Simulated Elections : Guaranteed Results

Over seven years ago the Organization for Security and Cooperation in Europe (OSCE) called on the Government of Belarus to take the following steps to ensure an environment for democratic transformation: improve the Electoral Code and its processes, create an environment free of fear, provide media access for all points of view and to restore power to the parliament and the courts.

None of these recommended steps were taken then or in the years afterwards, despite nearly unanimous worldwide agreement that all the subsequent elections were neither free nor fair and despite the threats of serious sanctions. Quite the opposite. On the eve of the current presidential elections, the Electoral Code has been stiffened by criminalizing the criticism of the sitting President, the climate of fear has greatly intensified, access to state media -- unavailable while the independent press has been practically shut down, the courts made totally subservient and the parliament has not a single opposition member.

The current presidential electoral process started in effect at the Black Sea resort of Sochi on December 15 when Lukashenka visited Russian President Putin and got his concurrence for holding early elections in Belarus. Reportedly the date was chosen in order to minimize the time for the unity democratic candidate to become well known, and also to avoid the potential embarrassment of a messy July election in Belarus while Putin will be presiding over the G8 Summit in St. Petersburg. Next day the rubber-stamp parliament of Belarus approved the date of March 19, 2006 for the election, and the electoral process proceeded according to plan.

The candidates who were able to collect more than 100, 000 supporting signatures were registered, the electoral commissions at all levels were formed with nearly total exclusion of opposition members, and less than 25 days were given for actual campaigning ahead of the start of early voting on March 14. This totally unmonitored week of early voting is notorious for the level of falsification and coercive voting.

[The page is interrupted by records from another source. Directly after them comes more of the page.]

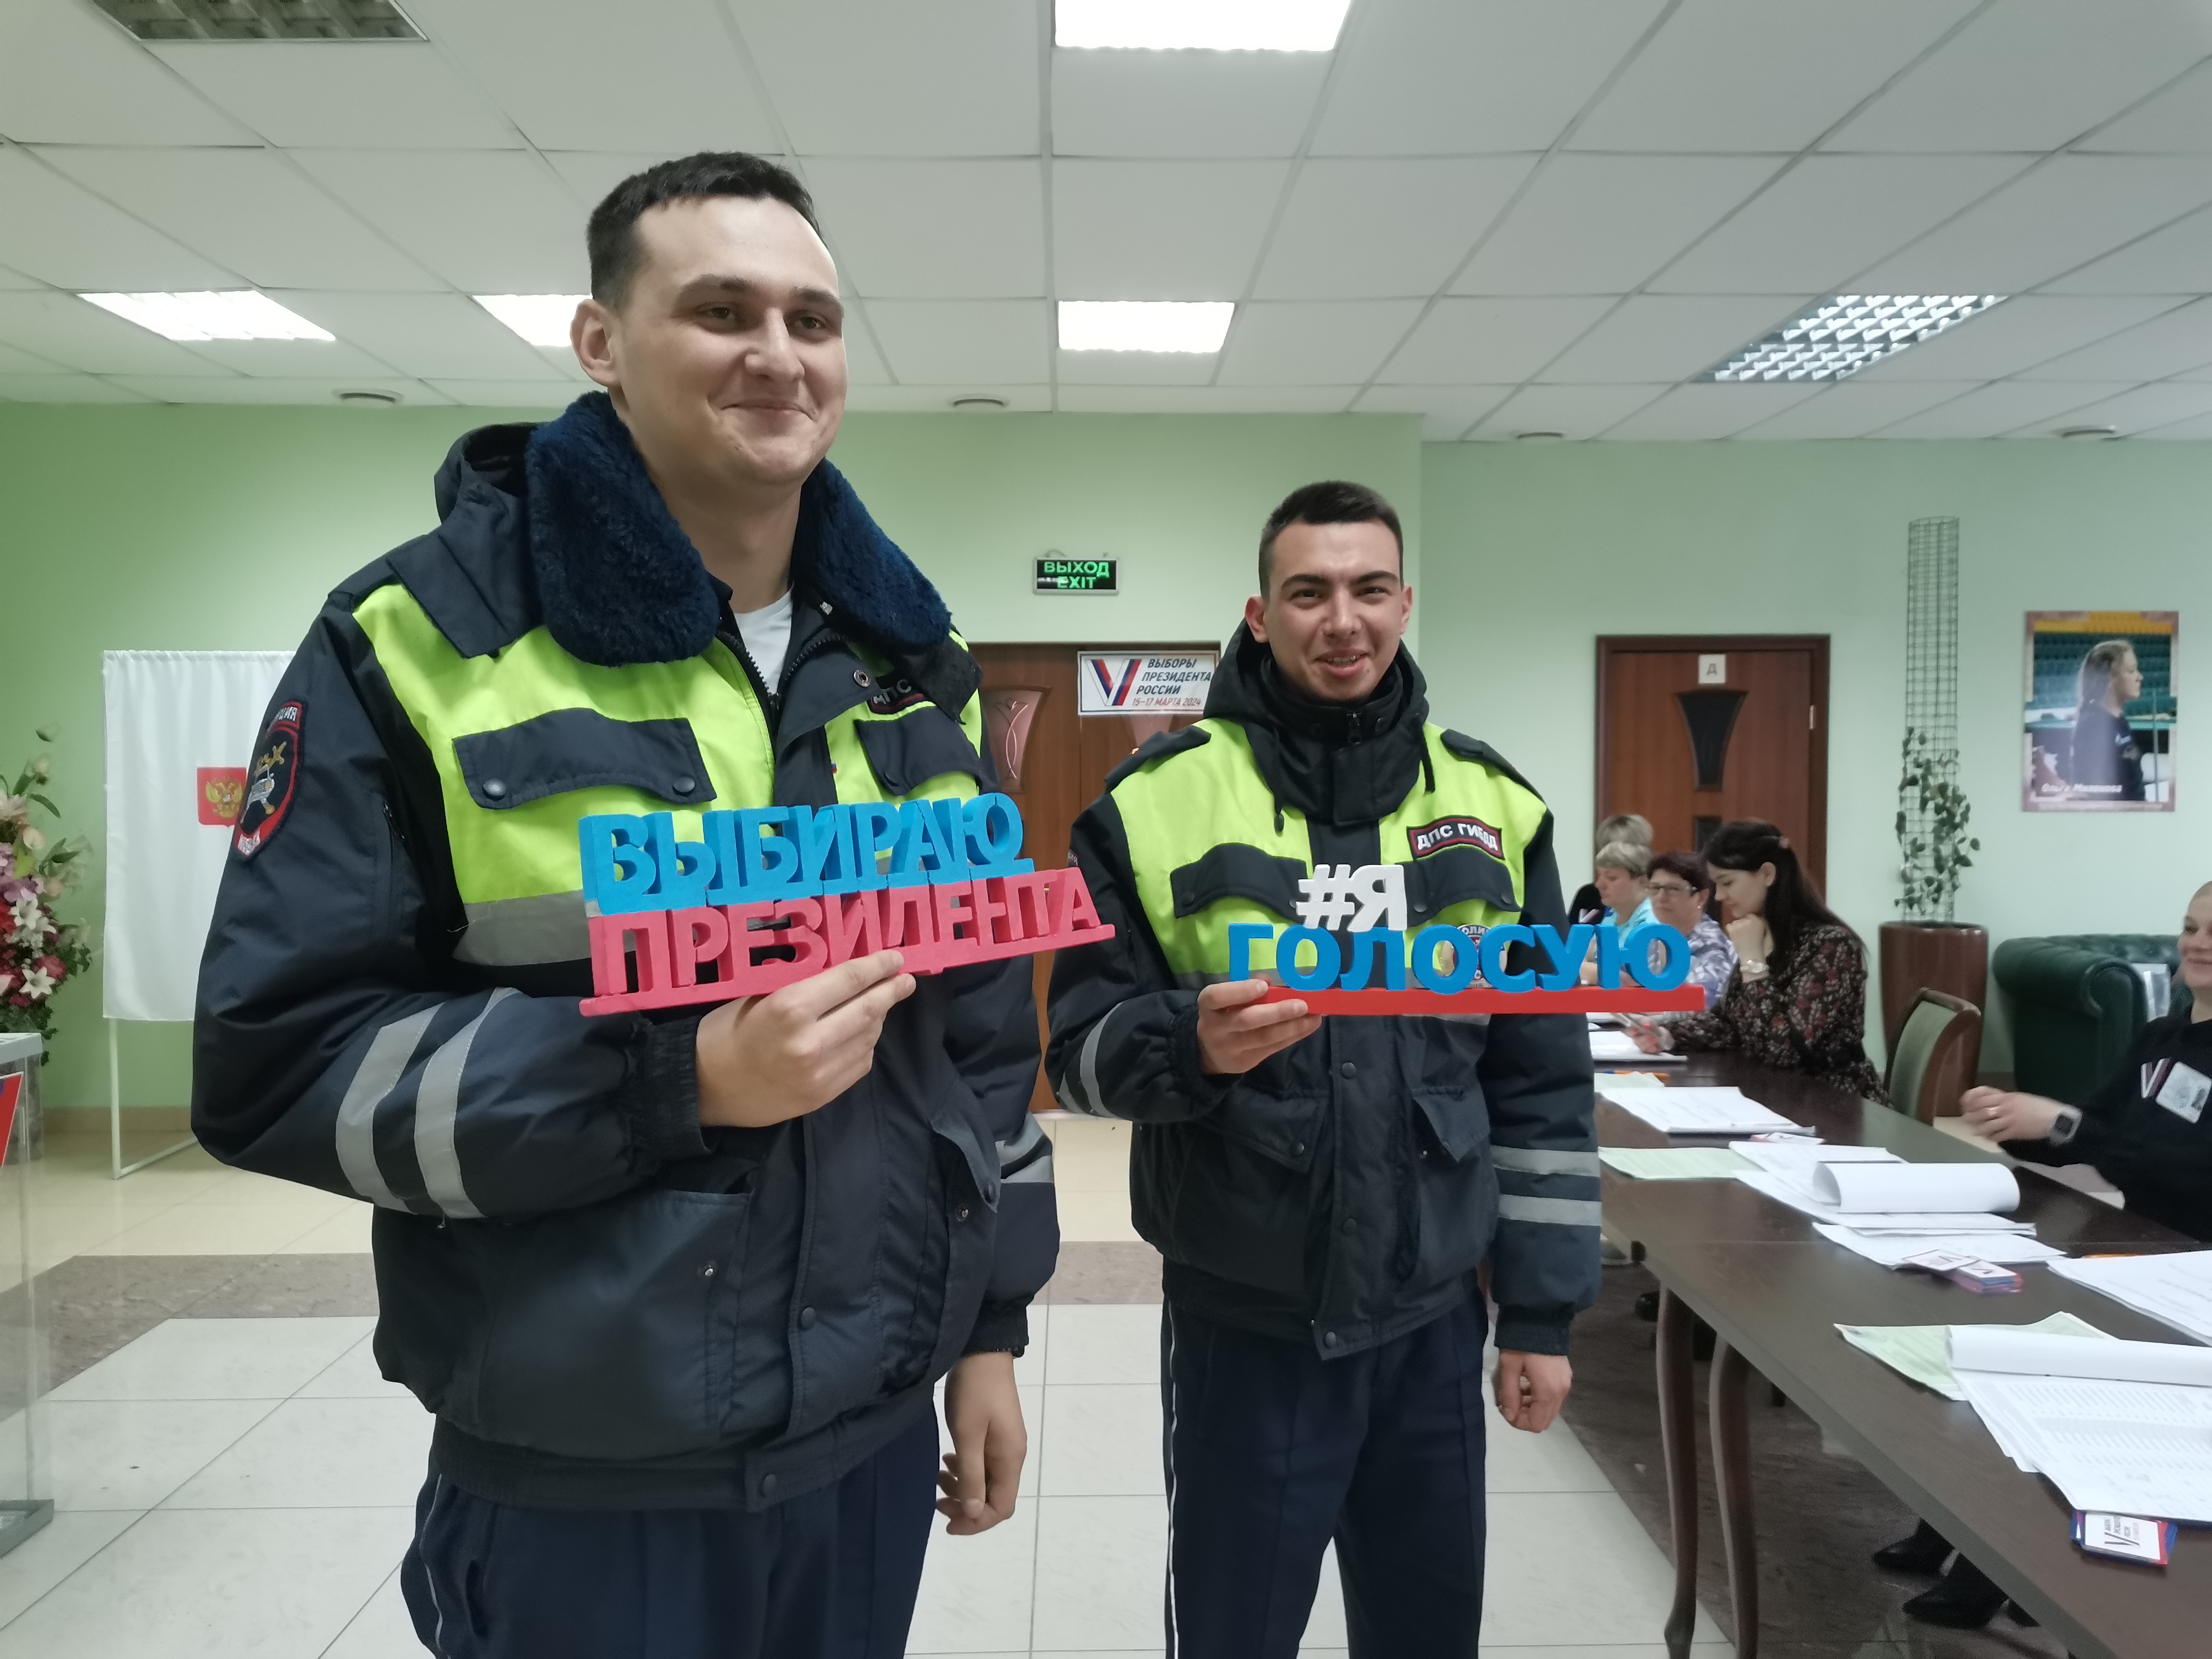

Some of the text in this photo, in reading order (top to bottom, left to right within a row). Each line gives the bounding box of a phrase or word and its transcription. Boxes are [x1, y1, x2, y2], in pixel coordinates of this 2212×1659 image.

[1044, 561, 1109, 577] ВЫХОД
[1057, 576, 1097, 589] EXIT
[1147, 658, 1197, 668] ВЫБОРЫ
[1141, 671, 1212, 682] ПРЕЗИДЕНТА
[1136, 685, 1181, 695] РОССИИ
[1154, 697, 1181, 706] МАРТА
[1182, 697, 1202, 706] 2024
[1417, 823, 1499, 851] ДПС ГИБДД
[581, 793, 1032, 916] ВЫБИРАЮ
[1296, 864, 1408, 932] #Я
[1228, 923, 1691, 994] ГОЛОСУЮ

The candidates were given air time of one pre-recorded hour each on state television and radio in unwieldy half-hour blocks. While their sharp criticism was cut out, Lukashenka 'graciously' declined to participate, with no apparent loss, since he monopolizes the airwaves anyway, and the names of the opposition candidates are studiously barely mentioned in the state media.

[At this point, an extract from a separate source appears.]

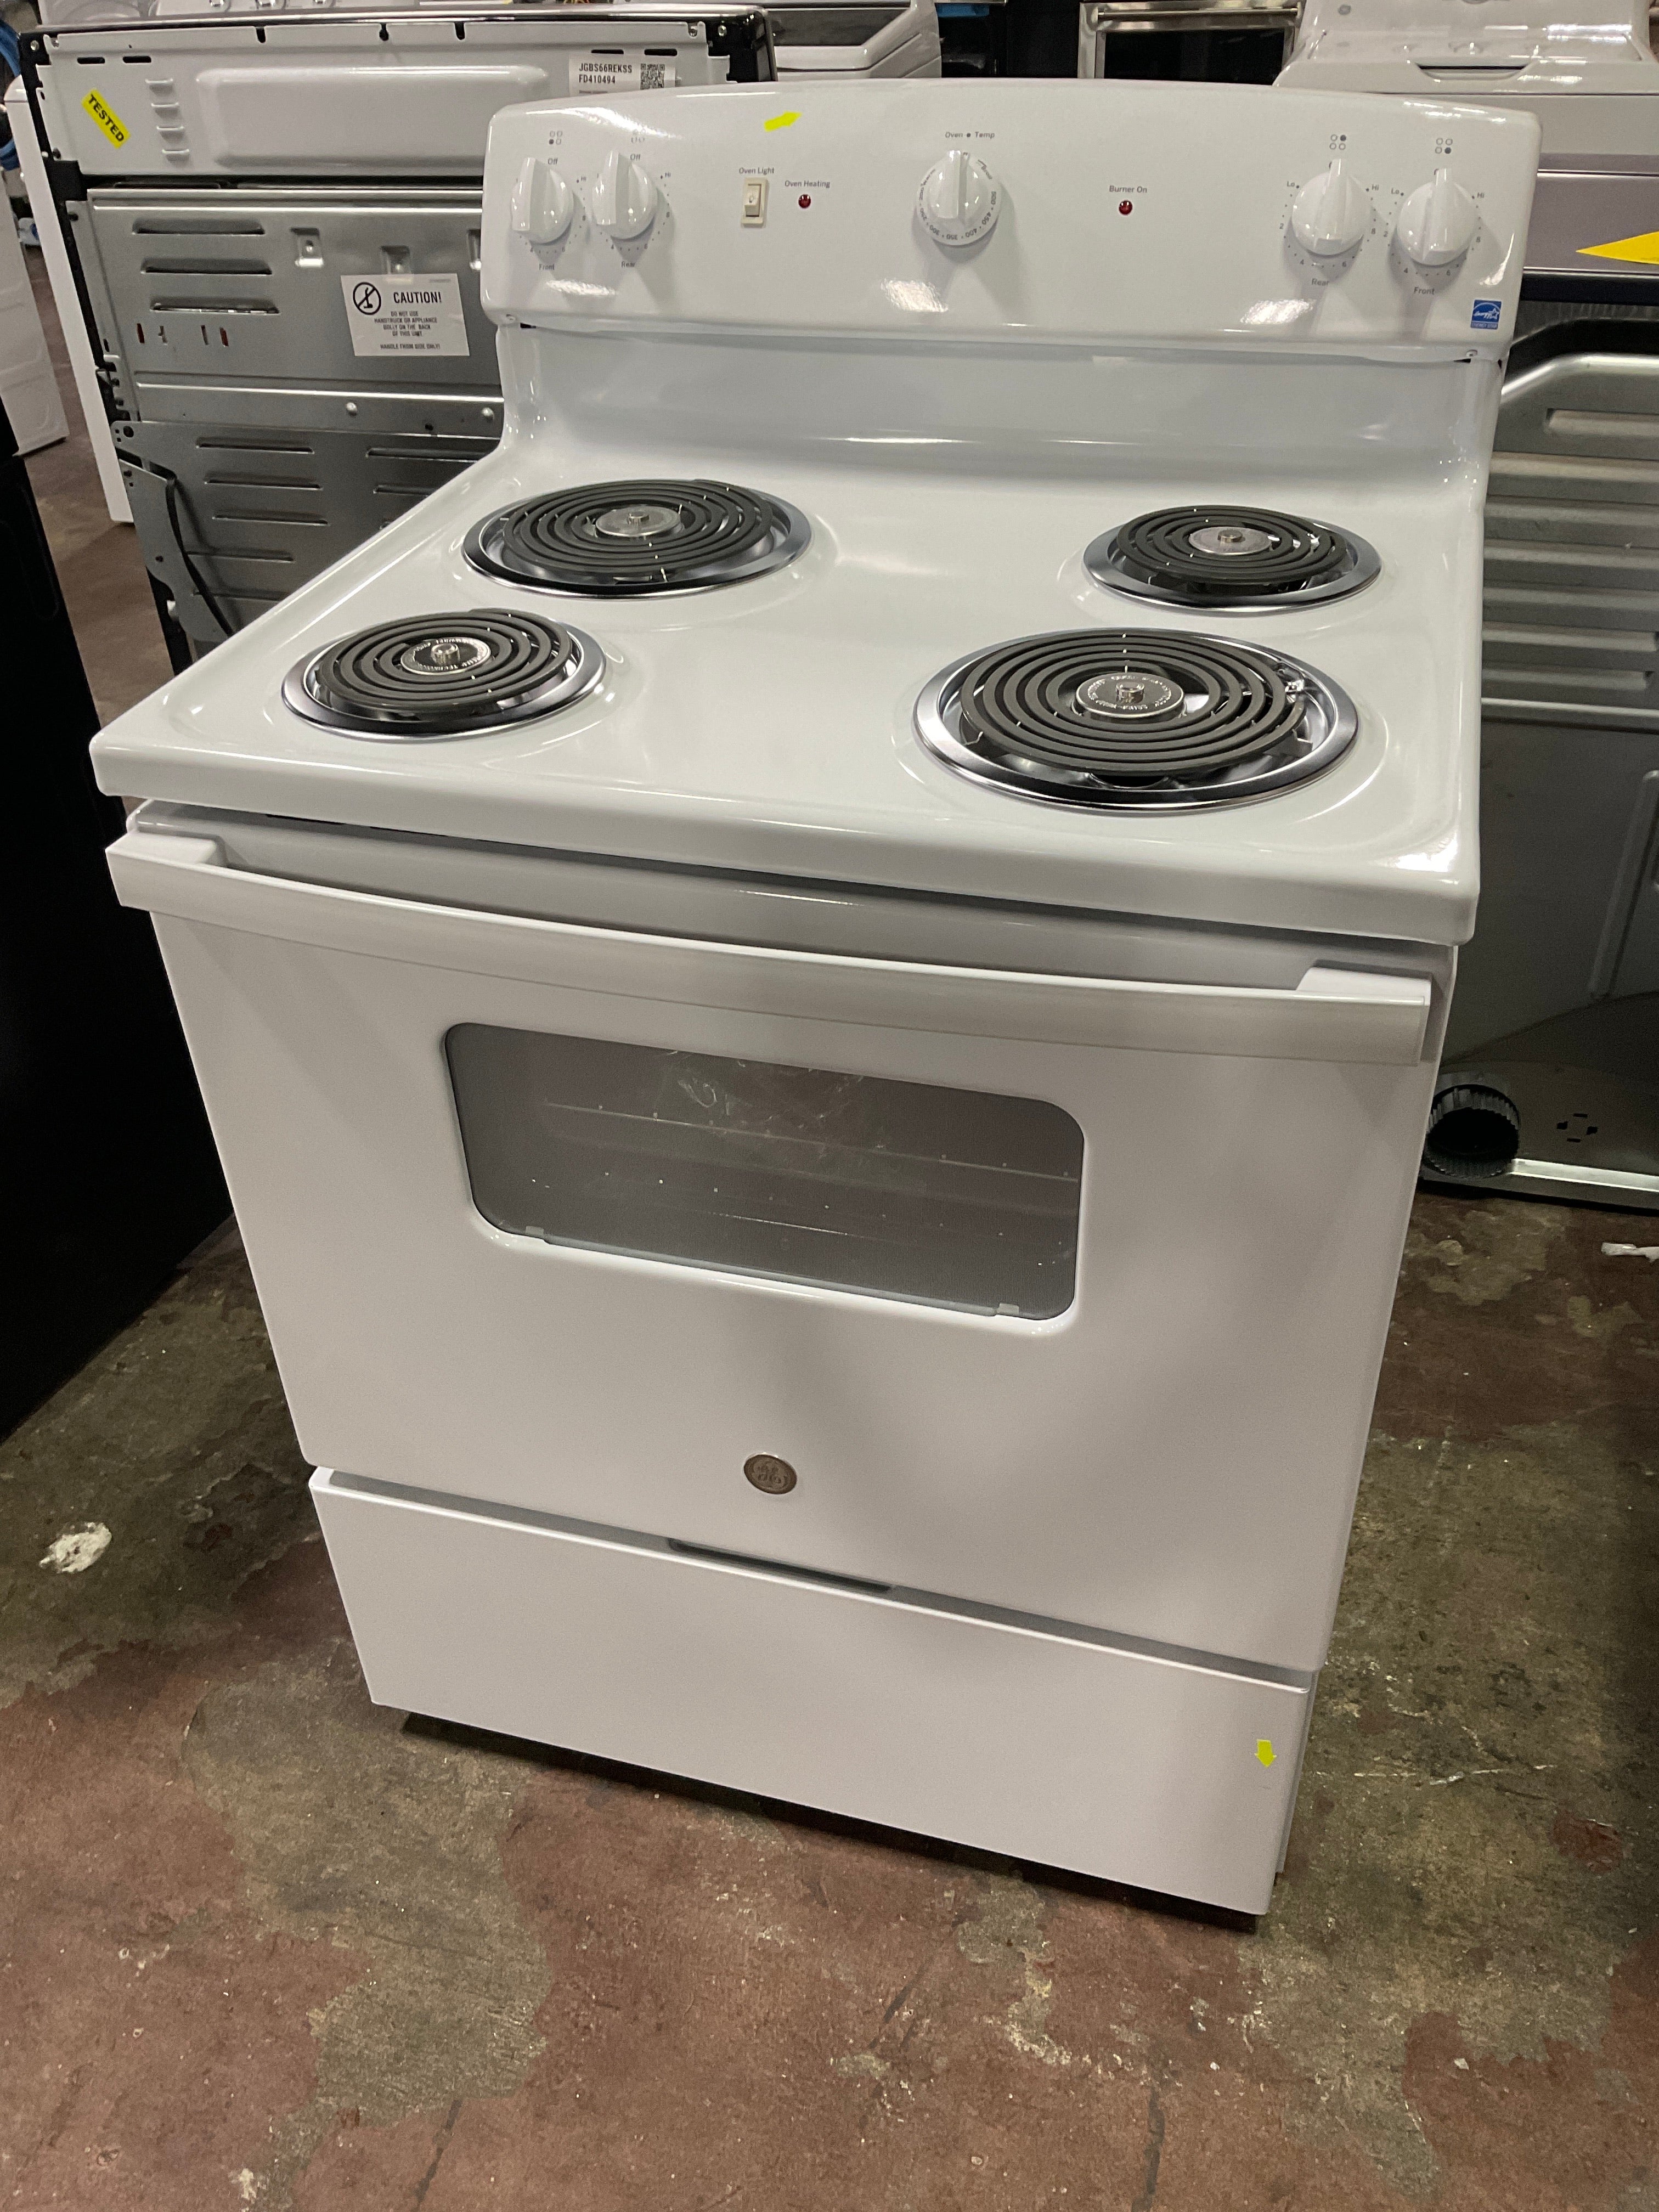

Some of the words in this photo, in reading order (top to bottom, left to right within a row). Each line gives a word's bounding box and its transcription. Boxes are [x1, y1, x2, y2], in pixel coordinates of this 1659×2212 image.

Yet despite all these impediments, the name recognition of the opposition candidates rose dramatically. The Unity candidate Alexander Milinkevich?s rallies are attended by the thousands all around the country, and he repeatedly calls on the voters to come to the center of Minsk at the end of voting March 19 to demonstrate their resolve not to have the election stolen. The regime's reaction is brutally sharp. Over 300 campaign activists, including the Belarusian Popular Front leader Viachorka are arrested and immediately sentenced to jail terms which conveniently extend past the Election day. The KGB 'discovers a terrorist plot' and warns the populace to stay at home after voting, in order to avoid injuries caused by the terrorists. This plot is attributed to Partnership, an NGO group experienced in election monitoring and funded by US. This rather clumsy accusation is intended to keep people away from street demonstrations while neutralizing an effective monitoring group and accusing the United States of funding an anti-government coup in Belarus.

All this took place before the Election Day on March 19 as part of the simulated elections.

And at the end of the day, the results were indeed guaranteed
The Soviet-style turnout of 93% and the 83% vote ascribed to Lukashenka exceeded even the 75% 'elegant victory' claimed at the 2001 election. The Gallup/Baltic Surveys Group stated that due to the repressive conditions no independent polling was possible or credible. (The respected Russian Levada poll announced their preliminary results with Lukashenka at 47%, Milinkevich at 26%, with 30% of those polled refusing to say. Later, Levada said that their results were not conclusive.)

Outside monitors led by the OSCE declared that the elections were not democratic. In that they were joined by EU, the Council of Europe, many European governments, and the United States which declared the election illegitimate and supported the opposition's call for new elections (see the statement on page 3.) However such view was not unanimous; Russian President Putin sent Lukashenka his warm congratulations, later duplicated by Iran and Cuba.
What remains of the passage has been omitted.